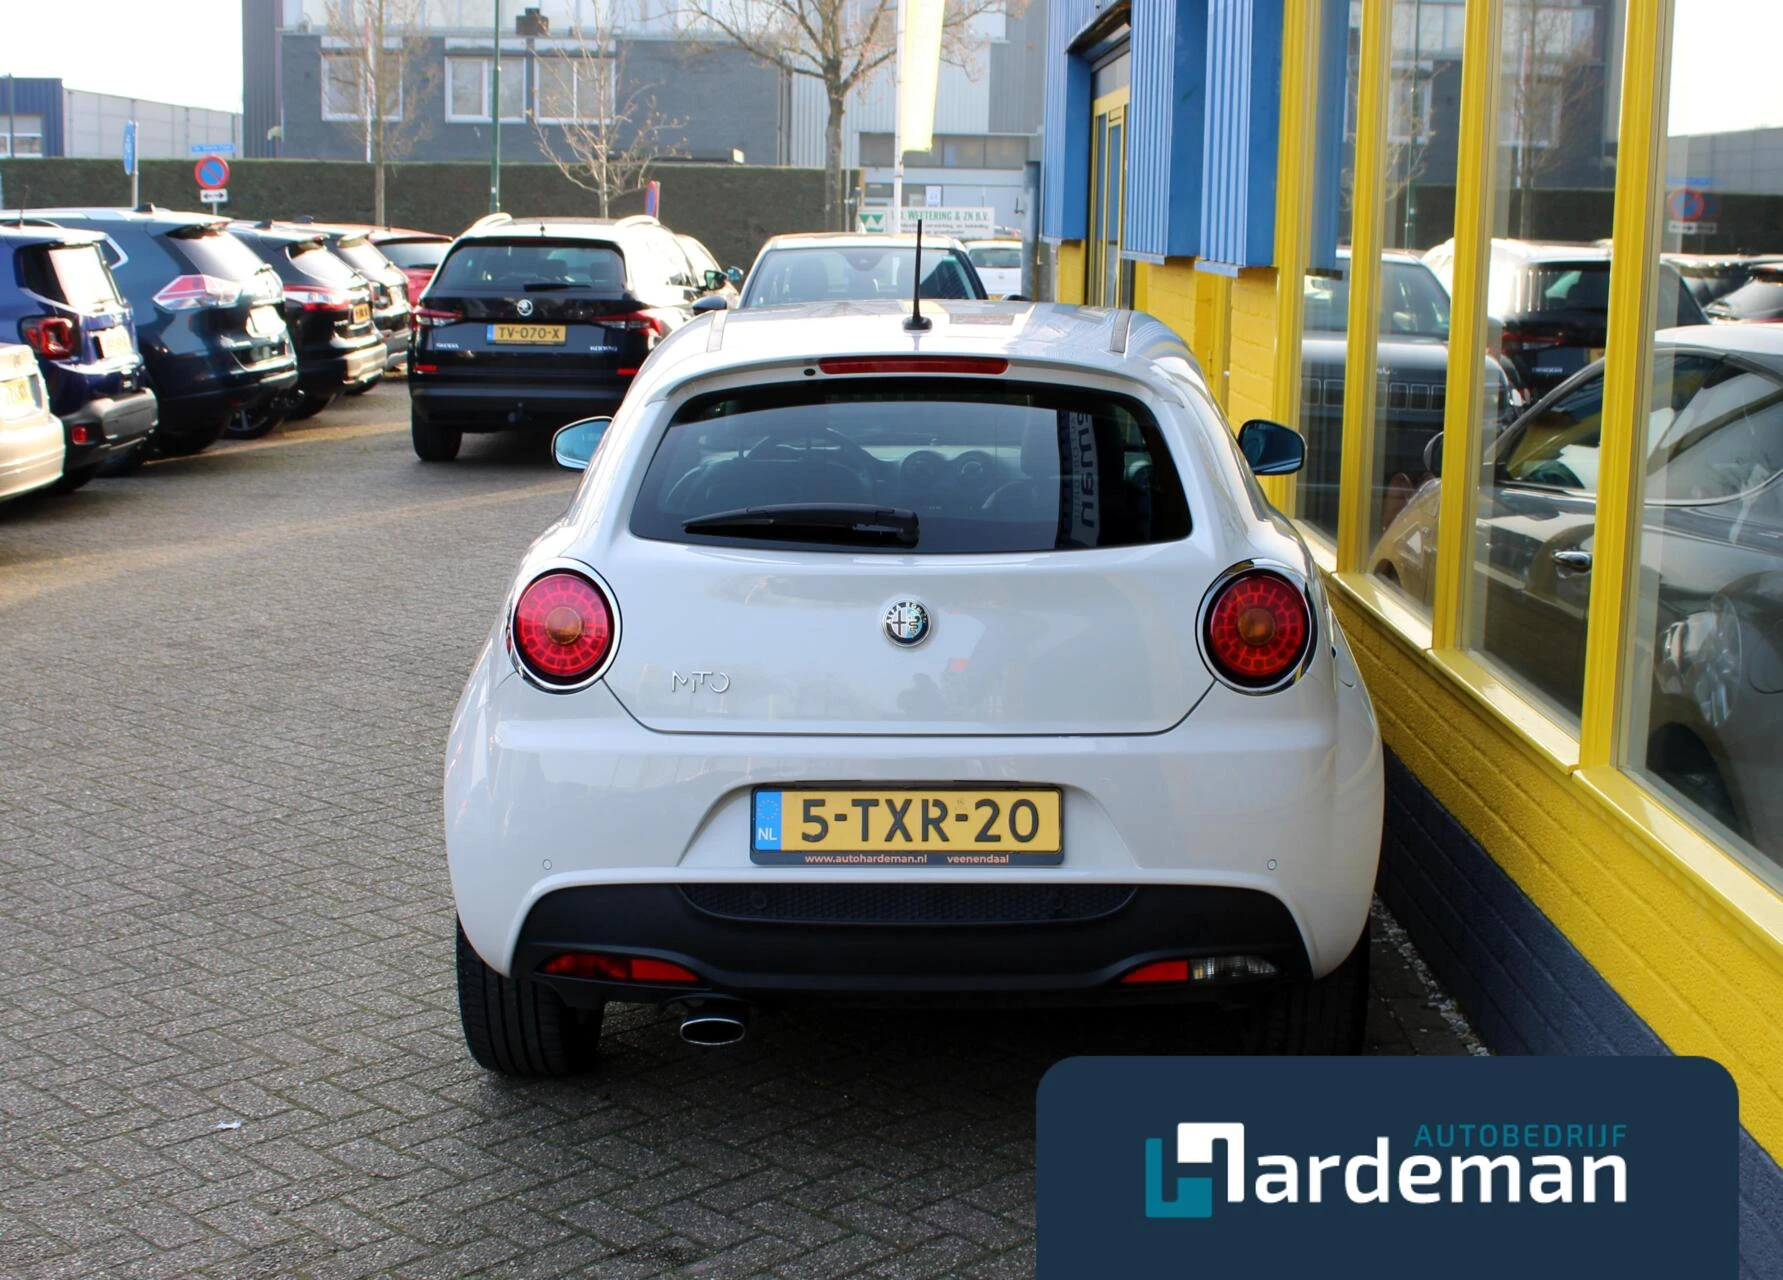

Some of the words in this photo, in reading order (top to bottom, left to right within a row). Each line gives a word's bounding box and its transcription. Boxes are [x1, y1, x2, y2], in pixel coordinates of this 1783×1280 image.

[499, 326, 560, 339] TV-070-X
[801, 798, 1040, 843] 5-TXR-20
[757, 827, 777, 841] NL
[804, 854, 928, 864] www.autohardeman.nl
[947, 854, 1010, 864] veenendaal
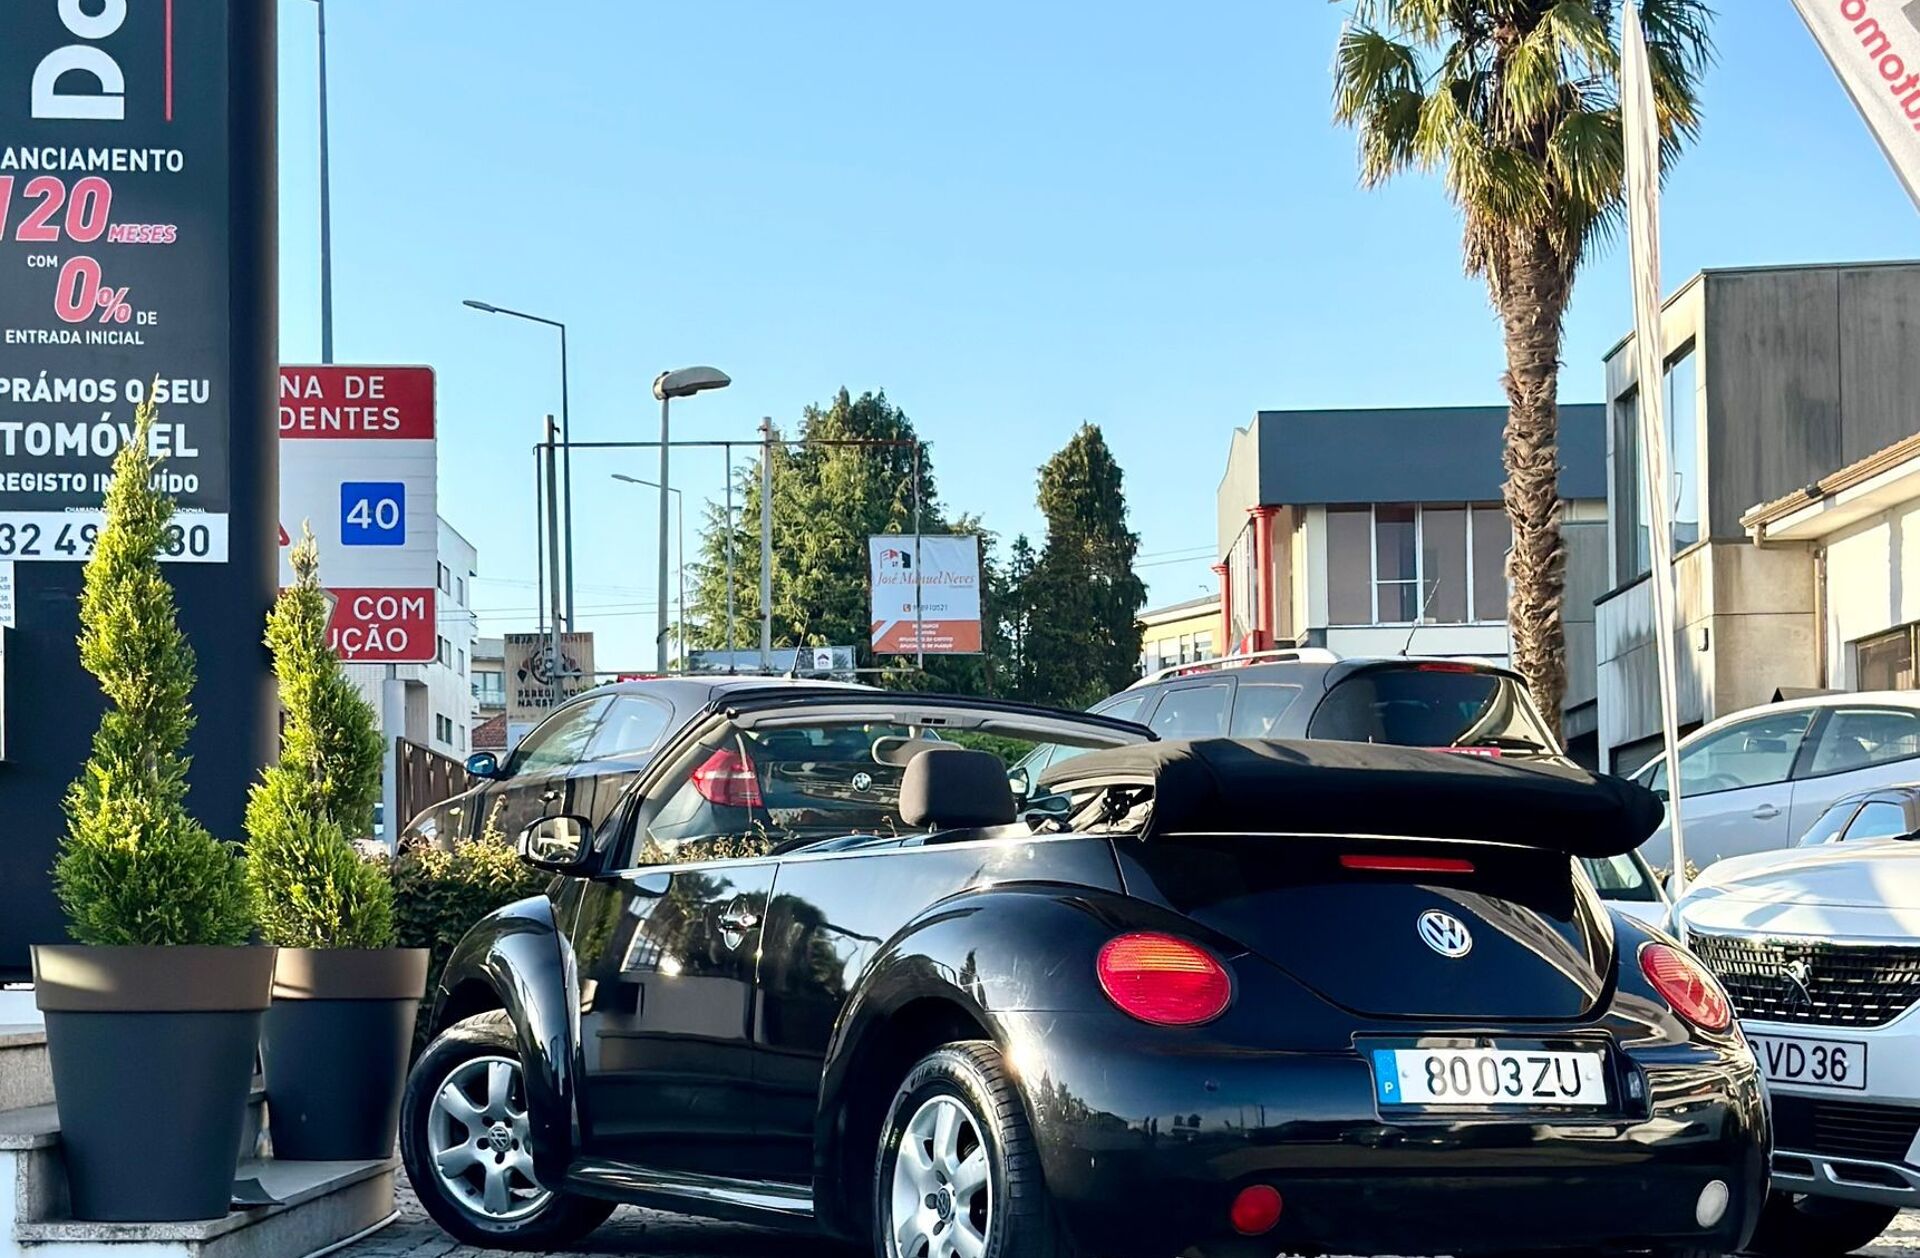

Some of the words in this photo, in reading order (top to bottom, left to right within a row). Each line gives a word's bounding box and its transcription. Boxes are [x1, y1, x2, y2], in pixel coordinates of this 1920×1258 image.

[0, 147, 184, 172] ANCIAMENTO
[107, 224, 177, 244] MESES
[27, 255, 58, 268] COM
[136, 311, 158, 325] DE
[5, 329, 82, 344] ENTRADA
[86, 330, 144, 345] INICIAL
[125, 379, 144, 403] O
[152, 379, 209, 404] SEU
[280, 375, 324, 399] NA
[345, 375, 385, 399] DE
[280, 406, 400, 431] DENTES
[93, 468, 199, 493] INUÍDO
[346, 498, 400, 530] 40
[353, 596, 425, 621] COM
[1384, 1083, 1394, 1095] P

Problem to work on: Please retype the whole listing above exactly, without any of its images.

Problem solution:
Some of the words in this photo, in reading order (top to bottom, left to right within a row). Each line gives a word's bounding box and its transcription. Boxes are [x1, y1, x2, y2], in pixel coordinates of this 1783×1280 image.

[499, 326, 560, 339] TV-070-X
[801, 798, 1040, 843] 5-TXR-20
[757, 827, 777, 841] NL
[804, 854, 928, 864] www.autohardeman.nl
[947, 854, 1010, 864] veenendaal

Some of the words in this photo, in reading order (top to bottom, left to right within a row). Each line gives a word's bounding box and its transcription. Boxes are [x1, y1, x2, y2], in pixel coordinates of this 1920×1258 image.

[0, 147, 184, 172] ANCIAMENTO
[107, 224, 177, 244] MESES
[27, 255, 58, 268] COM
[136, 311, 158, 325] DE
[5, 329, 82, 344] ENTRADA
[86, 330, 144, 345] INICIAL
[125, 379, 144, 403] O
[152, 379, 209, 404] SEU
[280, 375, 324, 399] NA
[345, 375, 385, 399] DE
[280, 406, 400, 431] DENTES
[93, 468, 199, 493] INUÍDO
[346, 498, 400, 530] 40
[353, 596, 425, 621] COM
[1384, 1083, 1394, 1095] P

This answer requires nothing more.